For the sake of explanation lats assume a type that is stored using 8 bits (instead of 64 used by long), so binary to decimal representation is:

0000 0000 => 0
0000 0001 => 1 (2^0)
0000 0010 => 2 (2^1 + 2^0)
...
1111 1111 => 255 (2^7 + 2^6 + ... + 2^1)

now next number is naturally when you would increment by 1. adding 1 to binary 1111 1111 will produce 1 0000 0000

(1) 0000 0000 => -256 !!! typically the overflown bit on a position 8 will represent a (negative-weight) sign bit

first following value is adding 1 to most-right position 
(1) 0000 0001 => -256 + 2^0 = -255
(1) 0000 0010 => -256 + 2^1 = -254
(1) 0000 0011 => -256 + 2^1 + 2^1 = -253
...

you get the picture

The origin of this is in the underlying hardware registry implementation which relies on binary values. You can read more detailed explanation for instance here: http://www.allaboutcircuits.com/textbook/digital/chpt-2/binary-overflow/

Upvotes: 3

Mike Nakis
Mike Nakis

Reputation: 62129

You are right, the parts of the documentation that you quoted seem to be a bit confused.

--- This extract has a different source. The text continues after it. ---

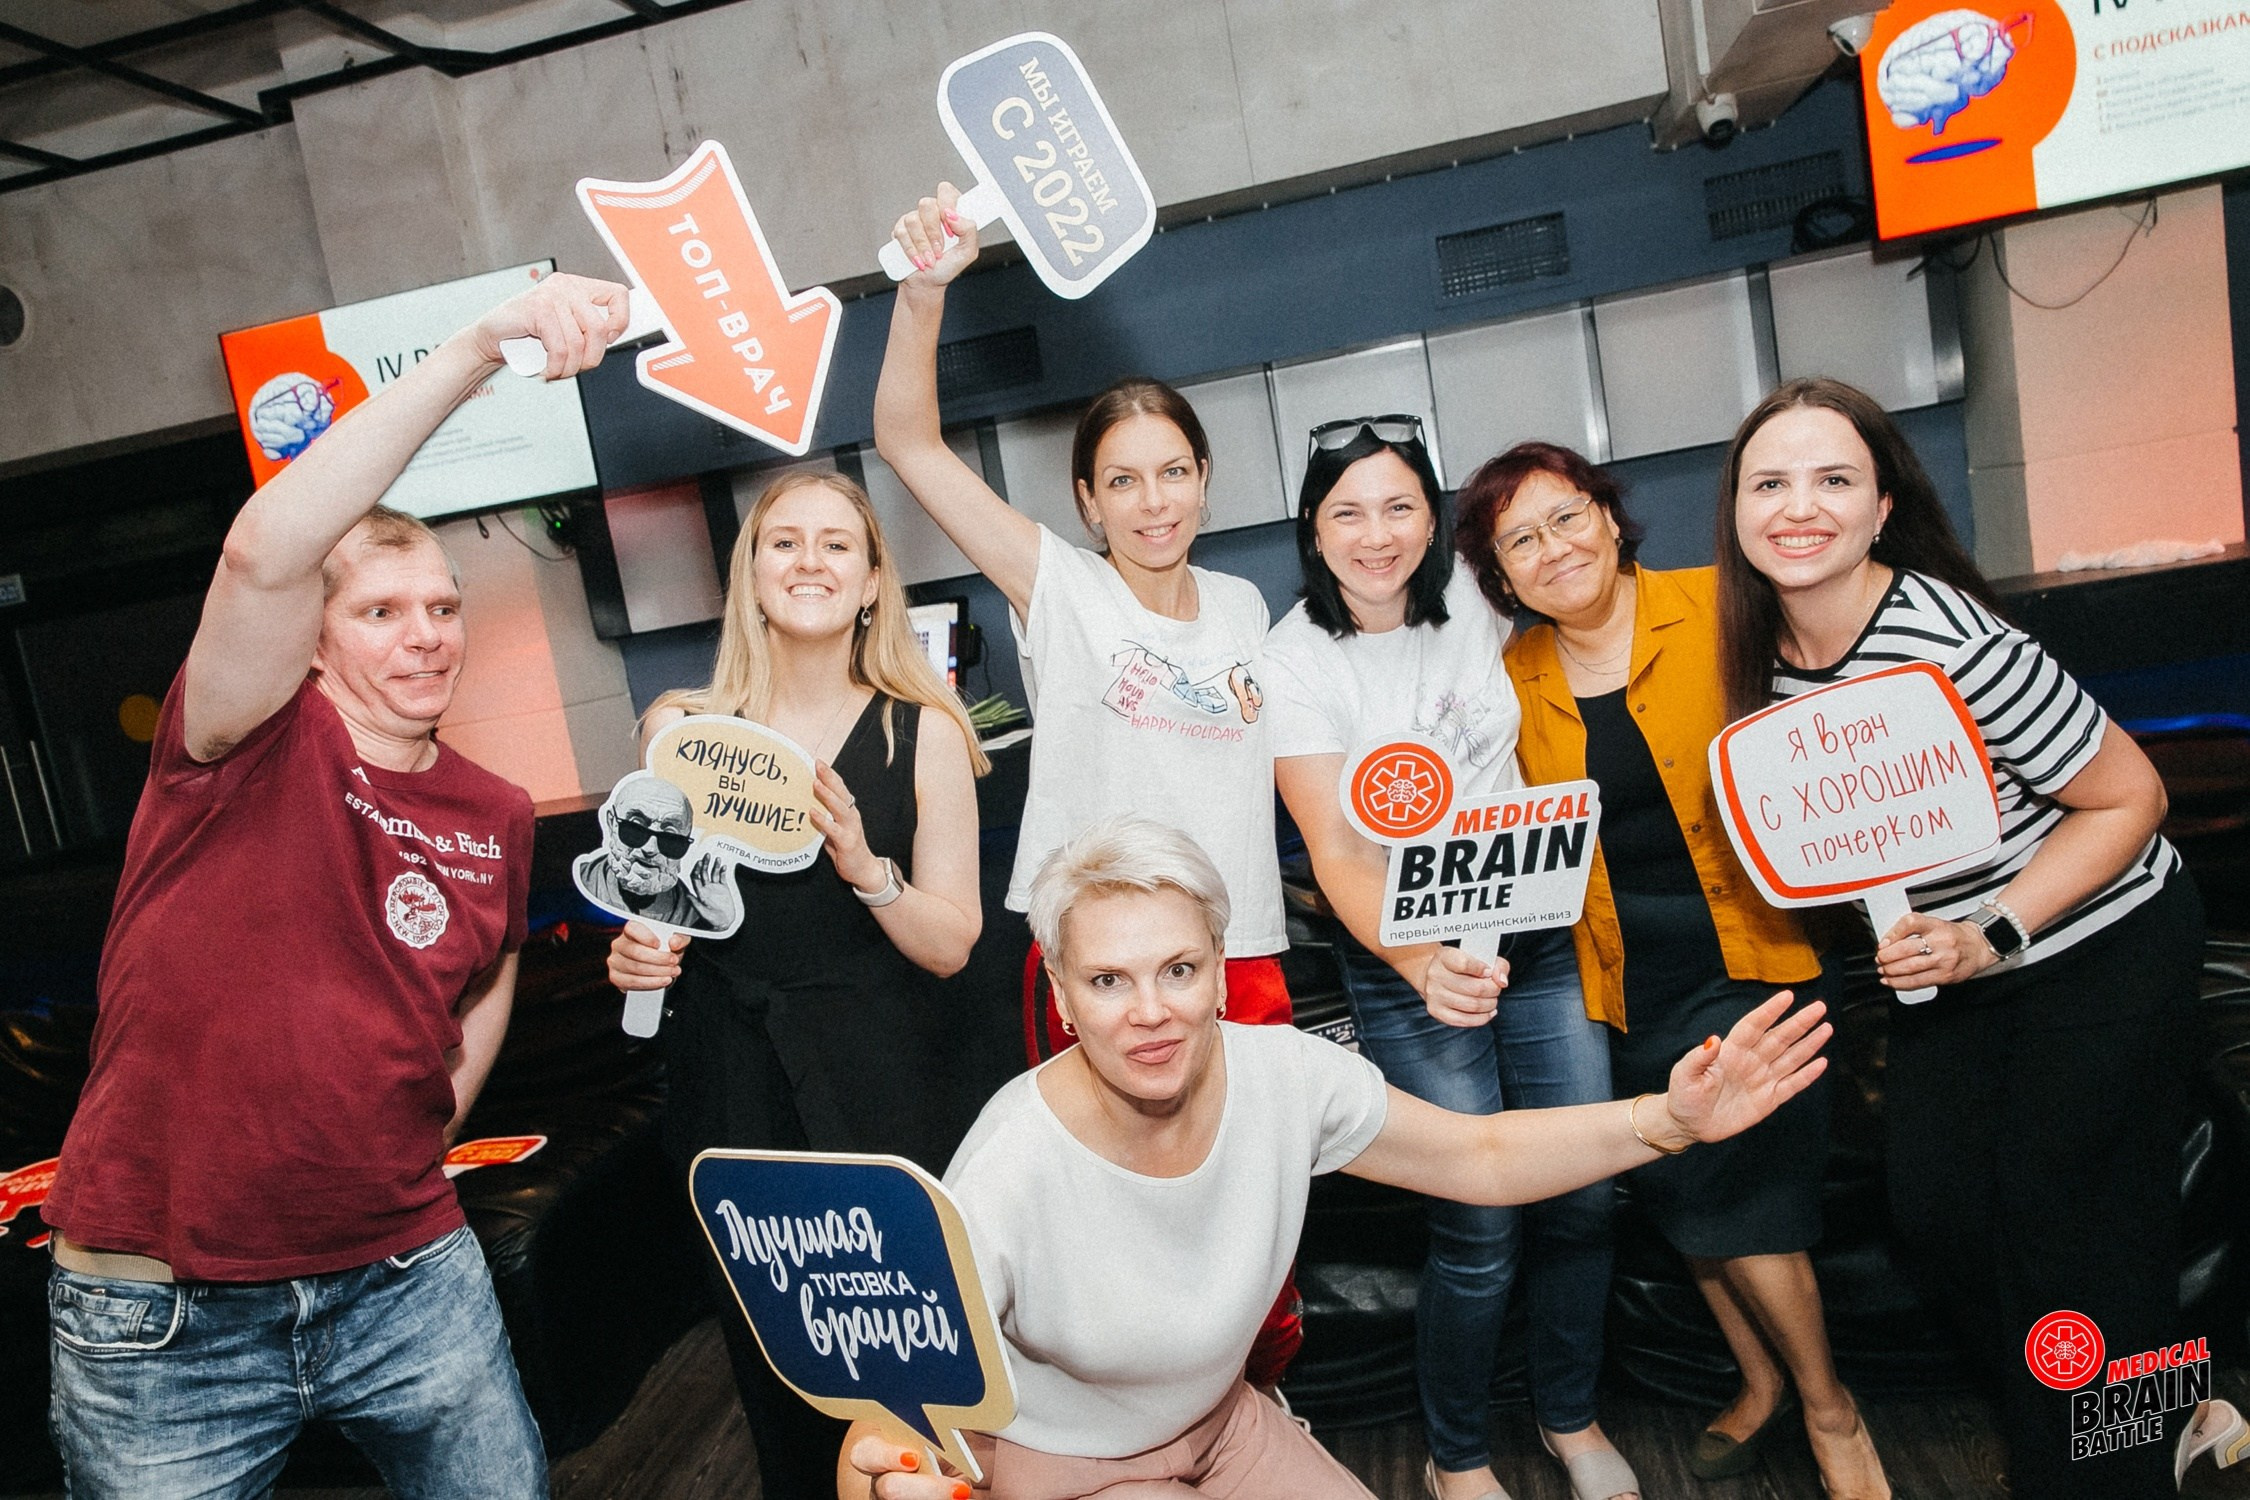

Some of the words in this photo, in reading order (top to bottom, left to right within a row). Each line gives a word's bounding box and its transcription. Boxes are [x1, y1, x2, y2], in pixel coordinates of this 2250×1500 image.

However, the part of the documentation that counts is this:

This method can only be used to measure elapsed time and is not related to any other notion of system or wall-clock time. The value returned represents nanoseconds since some fixed but arbitrary origin time (perhaps in the future, so values may be negative). The same origin is used by all invocations of this method in an instance of a Java virtual machine; other virtual machine instances are likely to use a different origin.

(emphasis added by me.)

What this means is that you do not have any guarantees that your code will not happen to be running at the time that the yielded long value will happen to flip from positive to negative.

There is nothing that guarantees that this will happen in 300 years from now, it may happen today.

Currently, my JVM returns some number like 3496793269188, but it could, if it wanted to, be returning some number very close to 9223372036854775807, (which is Long.MAX_VALUE,) which would make a flip from positive to negative imminent.

So, you should take all necessary precautions.

Upvotes: 10

Mr_Thorynque
Mr_Thorynque

Reputation: 2012

When t1 is take after t0 (t1 < t0 = false in real word) and there is an owerflow for t1 (not t0). t1 is negative and t0 positive is this case t1 - t0 < 0 give you the good result false because the binary operation '-' don't make mistake of owerflow and t1 < t0 will give you a wrong result : true

More basic a negative number if it read a unsigned number is bigger than a signed positive number : https://en.wikipedia.org/wiki/Signed_number_representations and

Upvotes: 2

Andremoniy
Andremoniy

Reputation: 34920

Well, javadoc says truth. Consider such example:

        long t0 = Long.MAX_VALUE;
        long t1 = Long.MIN_VALUE;

        System.out.println(t1 < t0);
        System.out.println(t1 - t0 < 0);

It will give

true
false

while mathematically both expressions are true. But in our case we know, that negative value of time means, that it is overflowed, hence it should be really greater then positive number.